You can find more detailed information from the official NHS web site at https://www.covid19.nhs.uk/
COVID-19 Symptom Tracker (not the official NHS Covid-19 app)
- Help slow the outbreak
- Join millions of people helping to fight COVID-19
- Help scientists identify high risk areas in the UK
The COVID Symptom Tracker was designed by doctors and scientists at King’s College London, Guys and St Thomas’ Hospitals working in partnership with ZOE Global Ltd – a health science company. The Tracker is an app that runs on an iPhone or an Android phone, and by using this app you would be contributing to advancing research on COVID-19 by the Kings College team. The app will be used to study the symptoms of the virus and track how it spreads. For more information go to the COVID-19 Symptom Tracker website.
Other authoritative sources of Coronavirus Information
The WHO – not the rock band! Confused by all the media reports on Covid-19, want to keep up to date on what is going on worldwide? The World Health Organisation provides daily high quality scientific information in an easily understood format at
“Advice to the Public” in the sidebar gives reliable information on e.g. masks, coronavirus myths etc.
CEBM - The Centre for Evidence-Based Medicine
The CEBM has a useful Oxford COVID-19 Evidence Service giving rapid reviews of primary care questions relating to the coronavirus pandemic.
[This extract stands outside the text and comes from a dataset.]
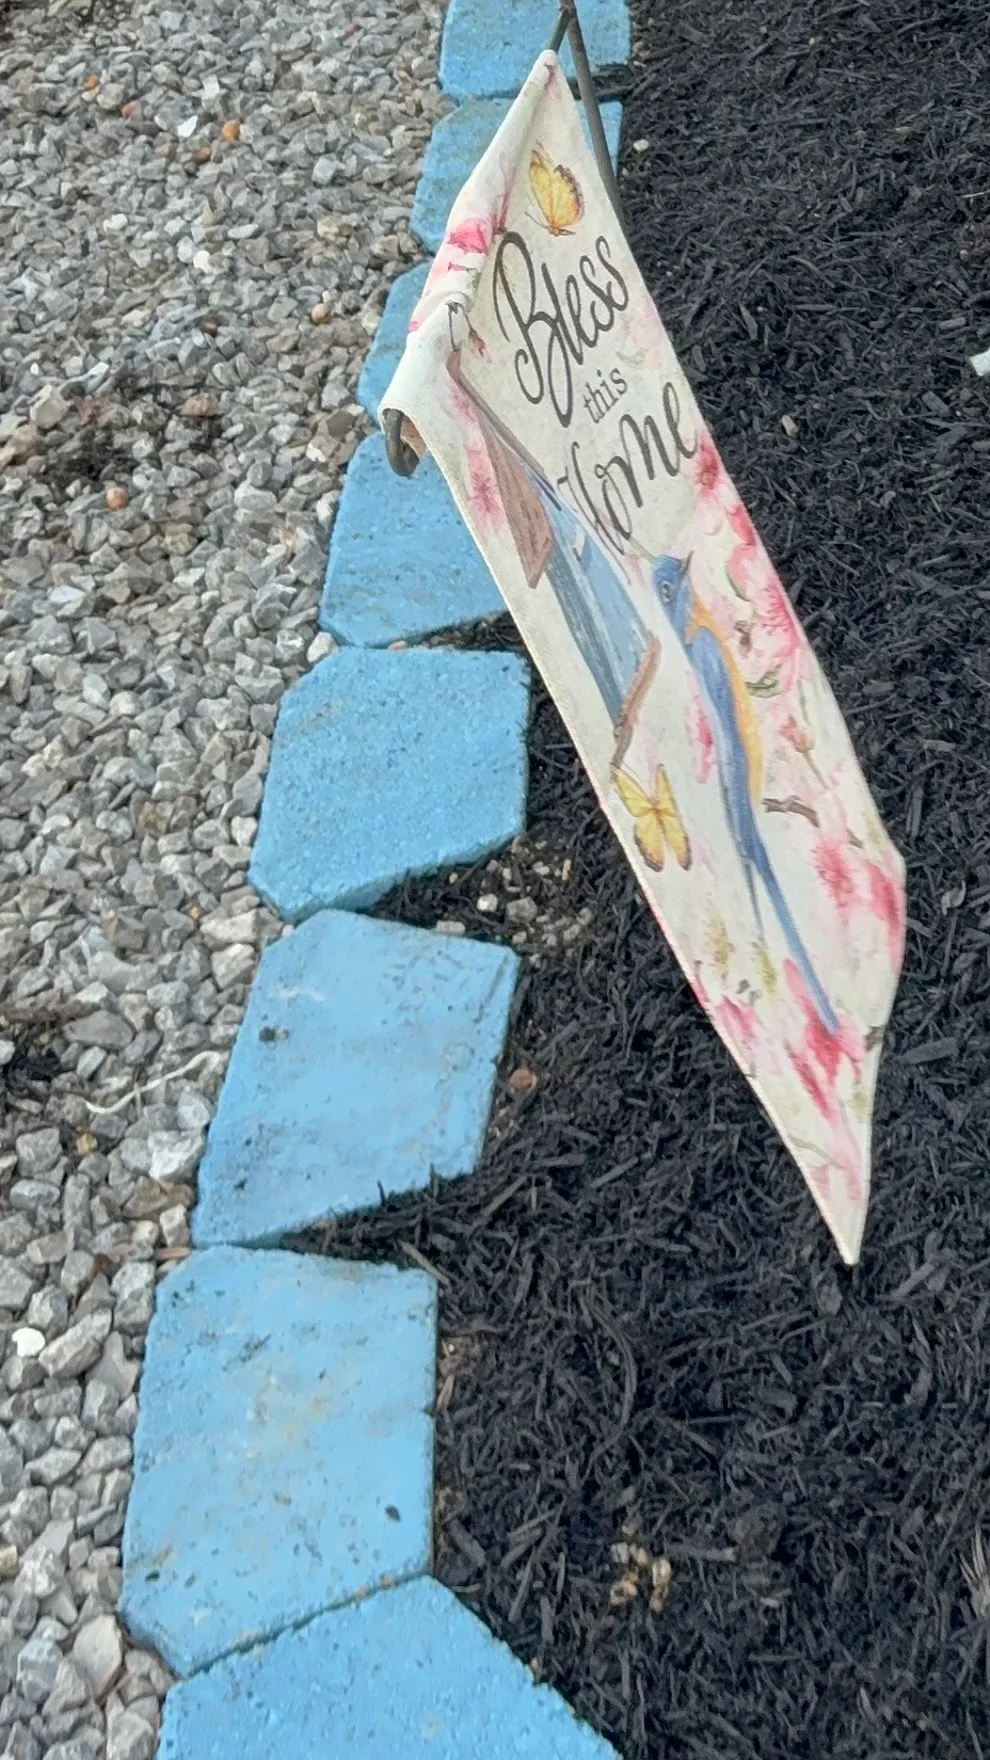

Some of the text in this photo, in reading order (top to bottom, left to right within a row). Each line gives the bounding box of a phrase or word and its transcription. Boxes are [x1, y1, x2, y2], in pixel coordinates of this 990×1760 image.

[493, 231, 629, 428] Bless
[583, 367, 628, 424] this
[557, 382, 698, 584] Home
It is updated regularly.
Coronavirus: the science explained
Coronavirus: the science explained is an authoritative website maintained by UKRI (UK Research & Innovation) the government organisation which funds much of the research work in UK universities. You have paid for it so you might as well see what it is doing with your money! The site lays out the evidence and the facts about the virus, the disease, the epidemic, and its control and is regularly updated with the latest science information behind the coronavirus pandemic. If you keep up to date with this you will be better informed than the average television commentator or newspaper journalist.